Member of the Newfoundland House of Assembly for Bay de Verde
- In office October 28, 1897 – November 8, 1900 Serving with William Rogerson
- Preceded by: Sydney Woods John B. Ayre
- Succeeded by: Henry Woods Michael T. Knight

Member of the Newfoundland House of Assembly for Bonavista Bay
- In office October 31, 1885 – November 10, 1888 Serving with James L. Noonan (1885–1886) Frederick White (1885–1889) Alfred B. Morine (1886–1889)
- Preceded by: George Skelton Francis Winton
- Succeeded by: Donald Morison

Personal details
- Born: July 8, 1855 Flowers Island, Newfoundland
- Died: May 18, 1945 (aged 89) St. John's, Newfoundland
- Party: Reform Party of Newfoundland (1885–89) Tory Party of Newfoundland (1897–1900) Newfoundland People's Party (1919)
- Spouse: Caroline Yetman ​(m. 1872)​
- Children: 8 (including Westbury Kean)
- Occupation: Sealing captain
- Known for: Role in the 1914 SS Newfoundland sealing disaster

= Abram Kean =

Newfoundland sealing captain and politician (1855–1943)

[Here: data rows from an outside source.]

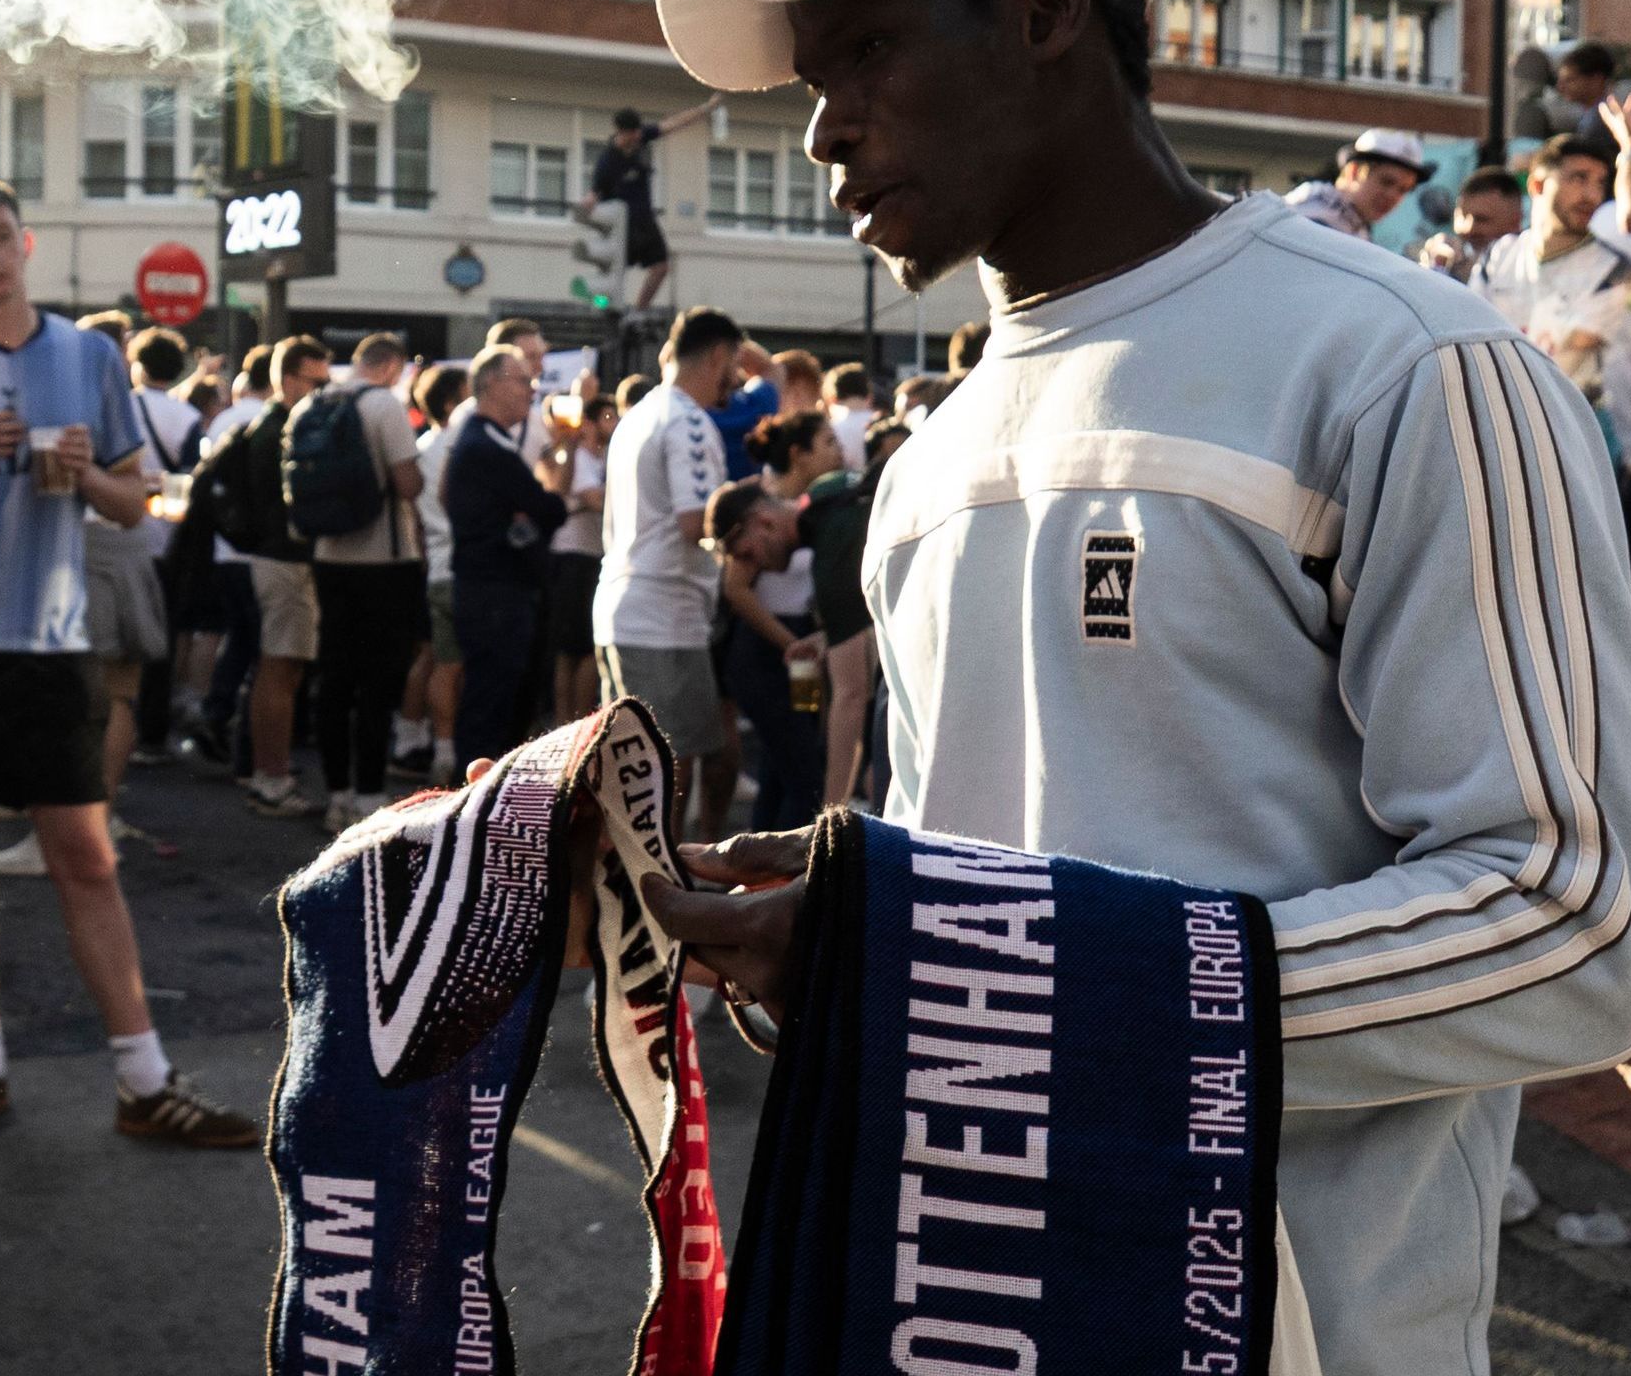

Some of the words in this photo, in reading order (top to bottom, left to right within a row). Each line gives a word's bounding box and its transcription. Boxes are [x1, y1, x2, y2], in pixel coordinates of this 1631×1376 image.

[1183, 900, 1244, 1021] EUROPA
[466, 1083, 506, 1222] LEAGUE
[1188, 1050, 1246, 1156] FINAL
[454, 1251, 493, 1376] UROPA
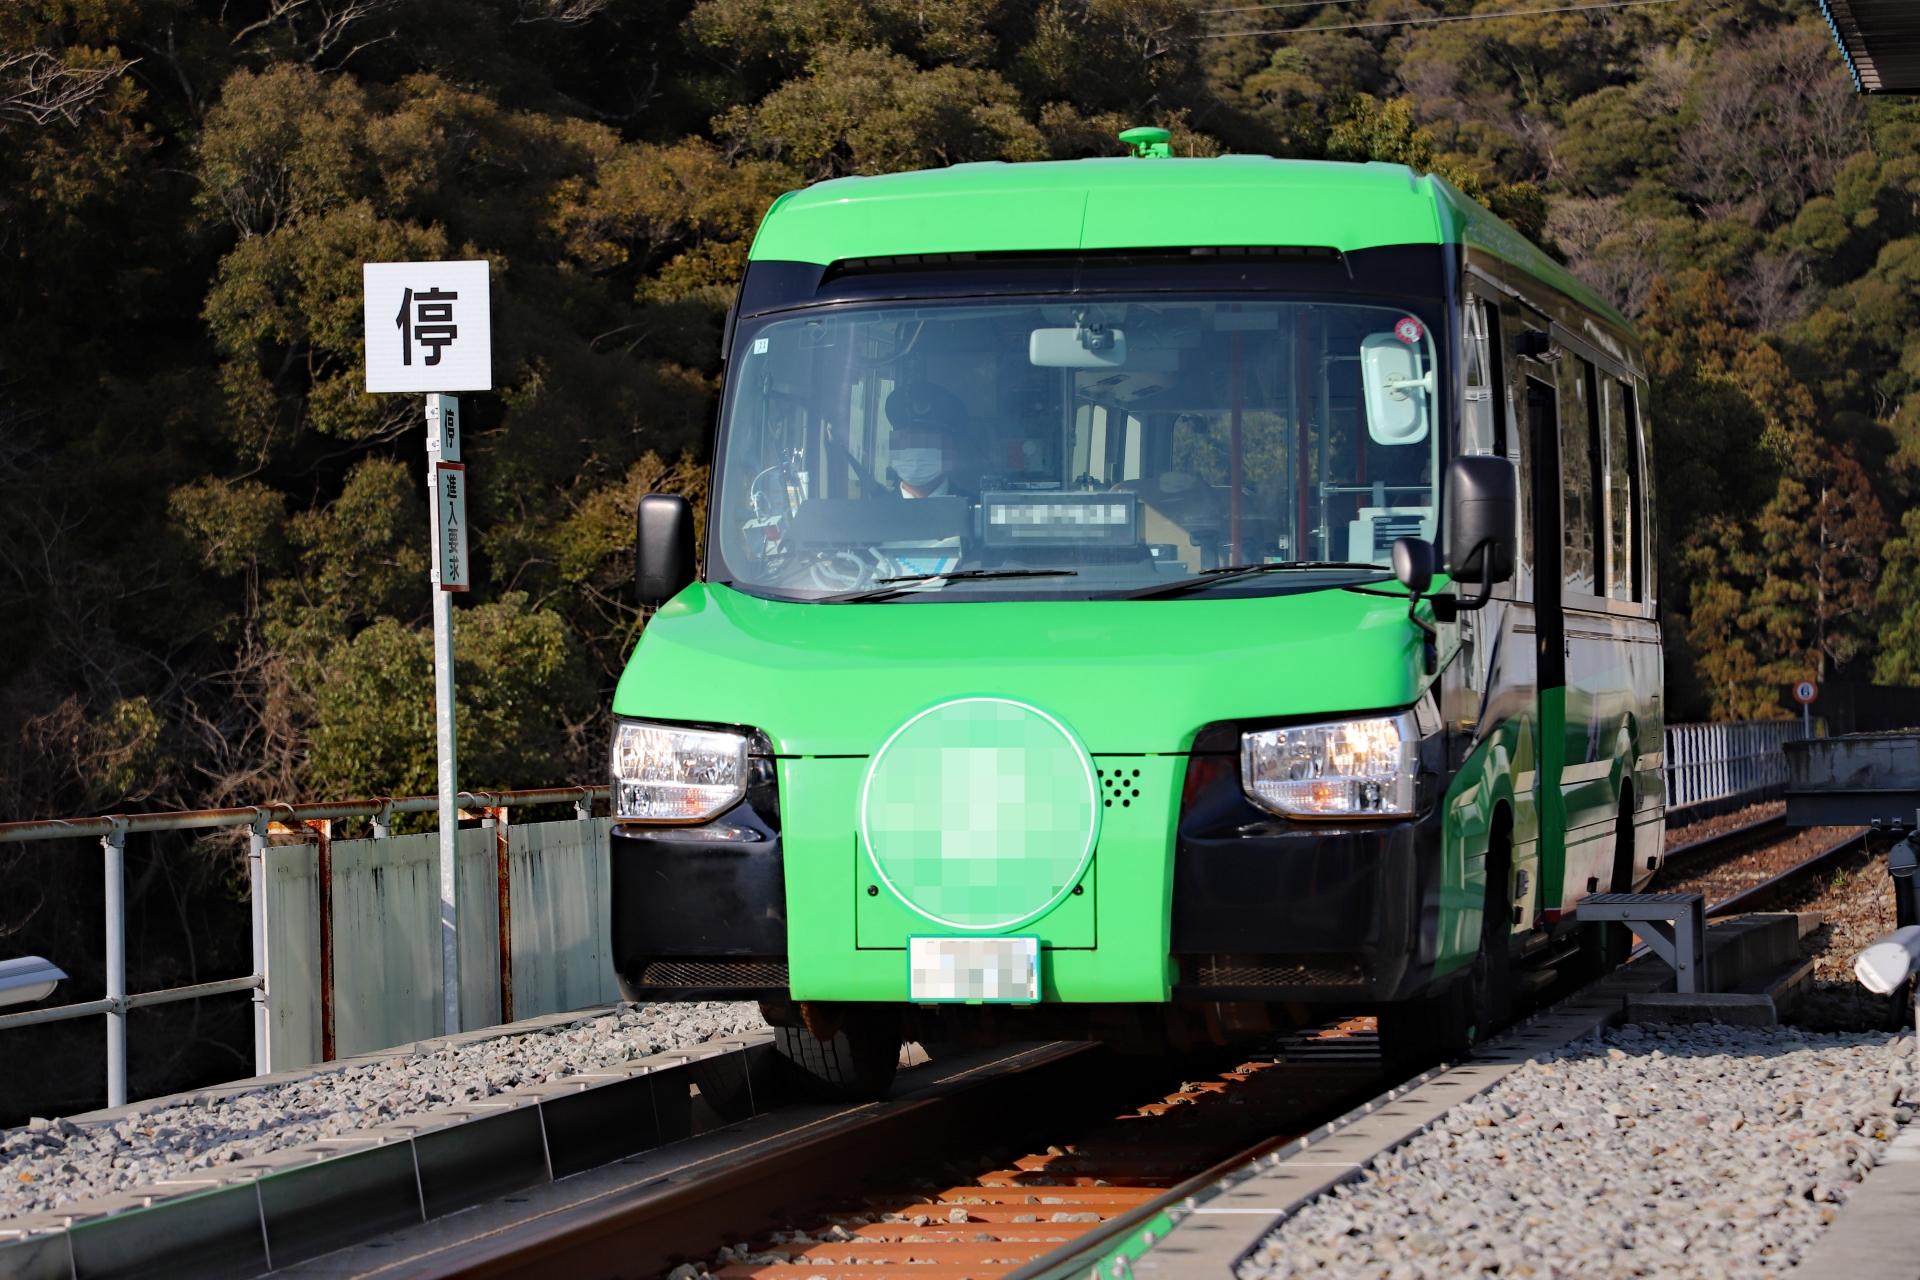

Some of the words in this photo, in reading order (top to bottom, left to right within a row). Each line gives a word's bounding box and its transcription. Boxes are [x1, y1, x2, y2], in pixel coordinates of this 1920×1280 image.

[396, 286, 458, 366] 停
[444, 408, 455, 448] 停
[446, 473, 460, 581] 進入要求
[1801, 685, 1810, 698] 6

Abram Kean (July 8, 1855 – May 18, 1945) was a Newfoundland sealing captain and politician. He was a renowned sealer who captured over a million pelts during his career. Kean is most famous for his role in the 1914 SS Newfoundland sealing disaster.

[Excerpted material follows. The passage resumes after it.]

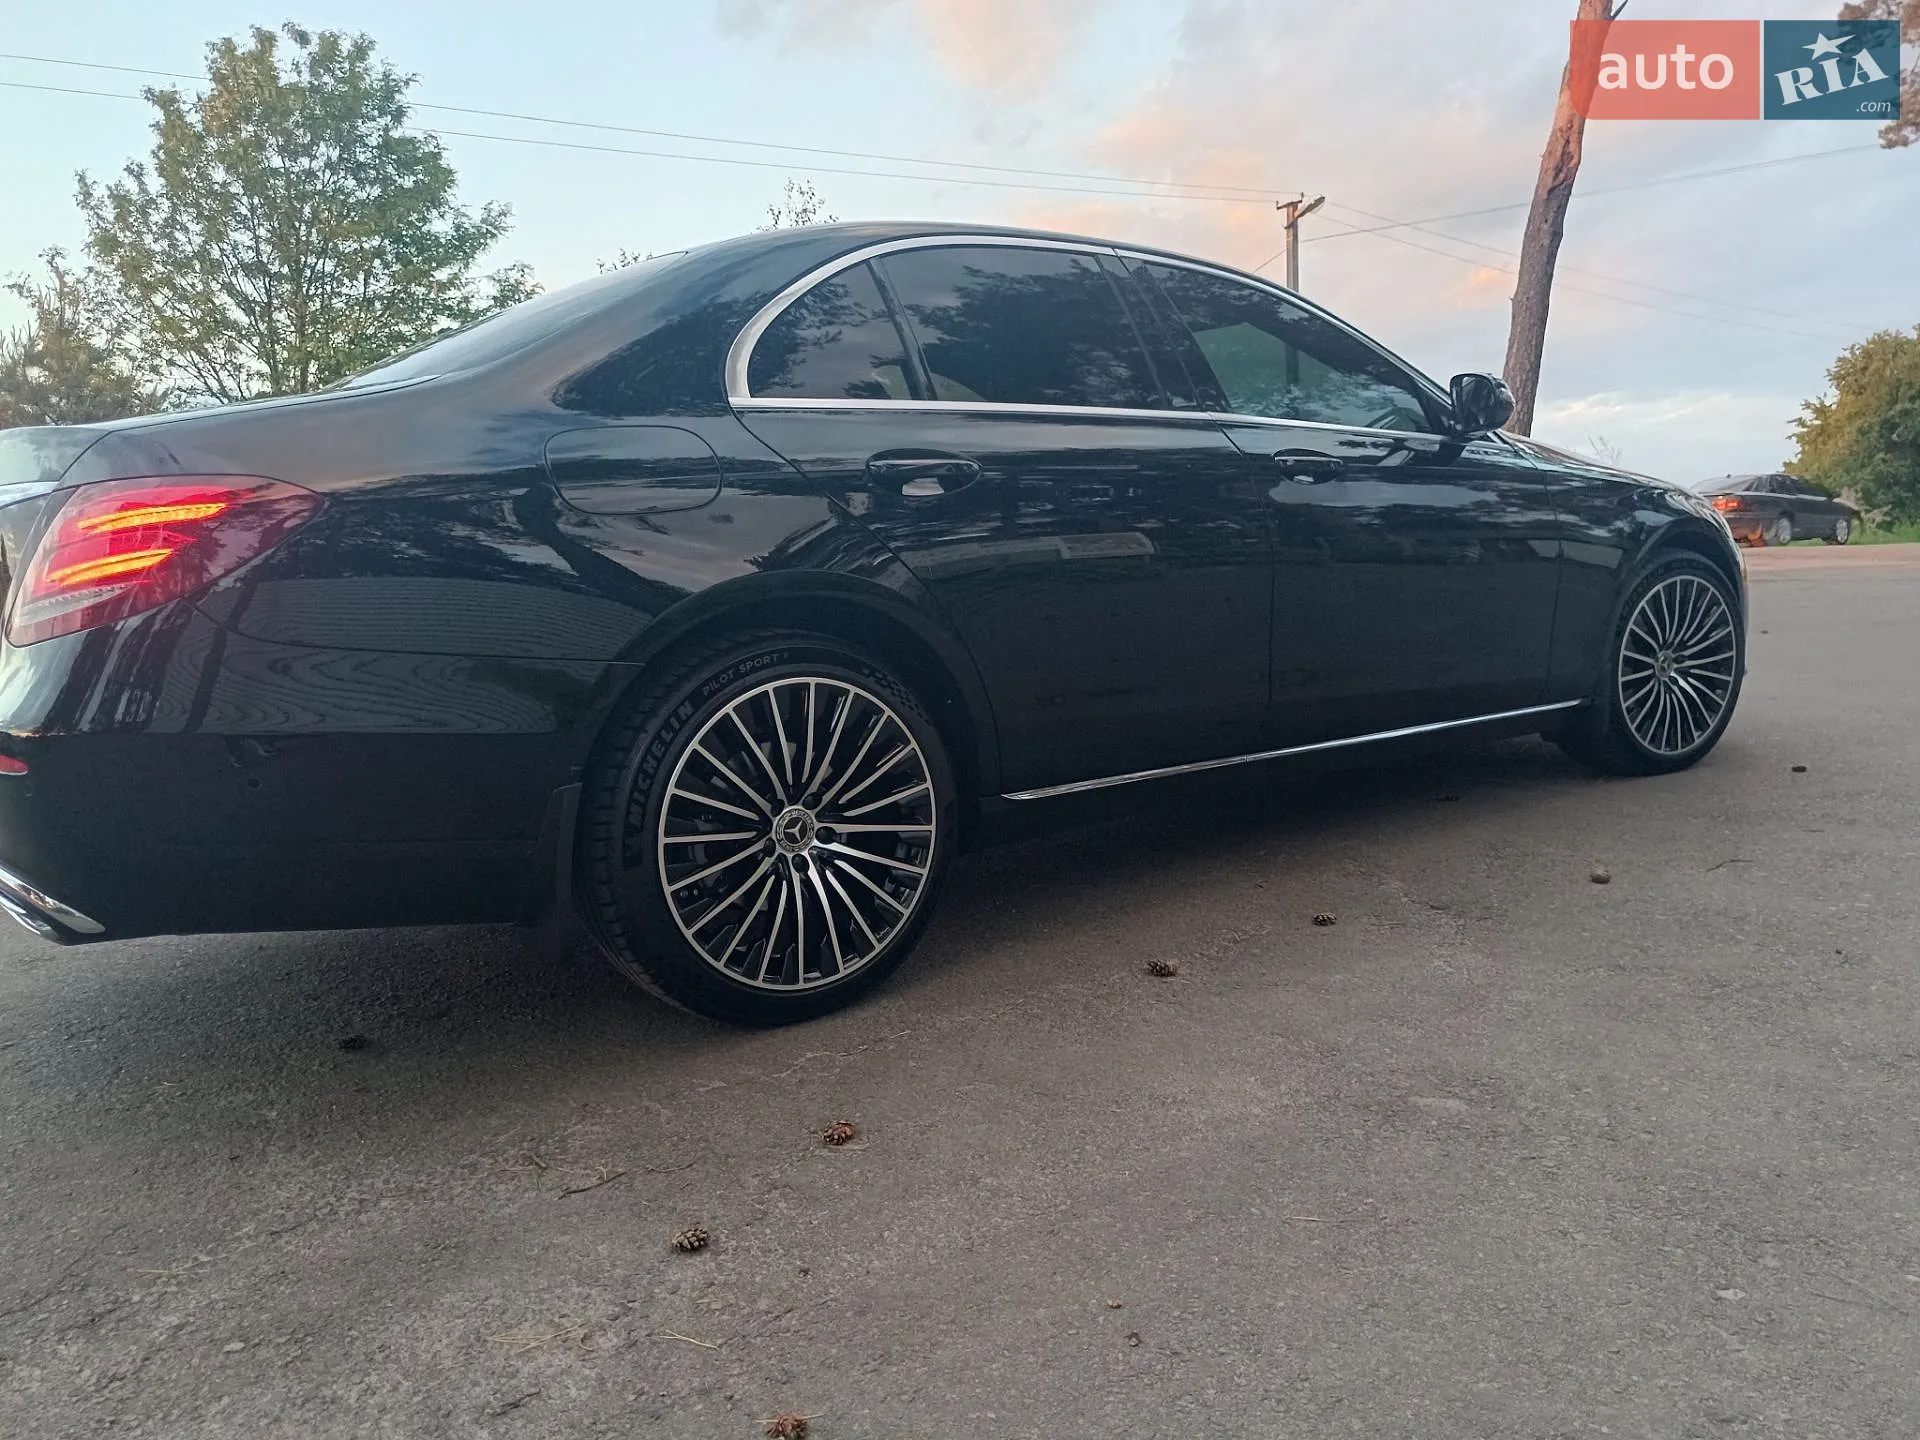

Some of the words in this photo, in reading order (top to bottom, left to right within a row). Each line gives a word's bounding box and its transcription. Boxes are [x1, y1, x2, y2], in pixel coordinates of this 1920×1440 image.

[702, 668, 735, 697] PILOT
[738, 653, 780, 673] SPORT
[628, 700, 695, 829] MICHELIN

Born in Flowers Island, Kean embarked upon a career in the Newfoundland cod fishery at the age of 18, but quickly shifted his interests to the seal fishery. He was twice elected to the Newfoundland House of Assembly in 1885 and 1897, and he briefly served as the acting Minister of Marine and Fisheries under Premier James S. Winter.

Although Kean's career on the ice was remarkably successful, it also came with controversy. His crews were accused of stealing seal pelts from other vessels during the 1898 SS Greenland disaster. In 1914, Kean, as the master of the SS Stephano, ordered 132 wayward sealers from the SS Newfoundland to finish the seal hunt and return to their vessel despite an ongoing storm. Kean was acquitted of responsibility by a government inquiry, but his reputation was greatly damaged.

After an attempted return to the House of Assembly in 1919, Kean was appointed to the Legislative Council of Newfoundland in 1927, where he served until it was abolished in favour of a commission of government. He retired from the seal fishery in 1936 before dying in St. John's in 1945.

==Early life==
Abram Kean was born on July 8, 1855, in the small community of Flower's Island in Newfoundland. Kean was the youngest son of Joseph and Jane Kean. Growing up in such a small town and community, Kean was deprived, like many children in Flower's Island, of knowing the importance of education and schooling. However, on May 1, 1863, Kean was sent to Pool's Island, a town 6 mi away to attend school. He was the first child in his family to be sent to school in order to get a proper education. While on Pools Island, Kean lived with his uncle with whom he developed a strong friendship. After four years of schooling, Kean returned home on May 1, 1867.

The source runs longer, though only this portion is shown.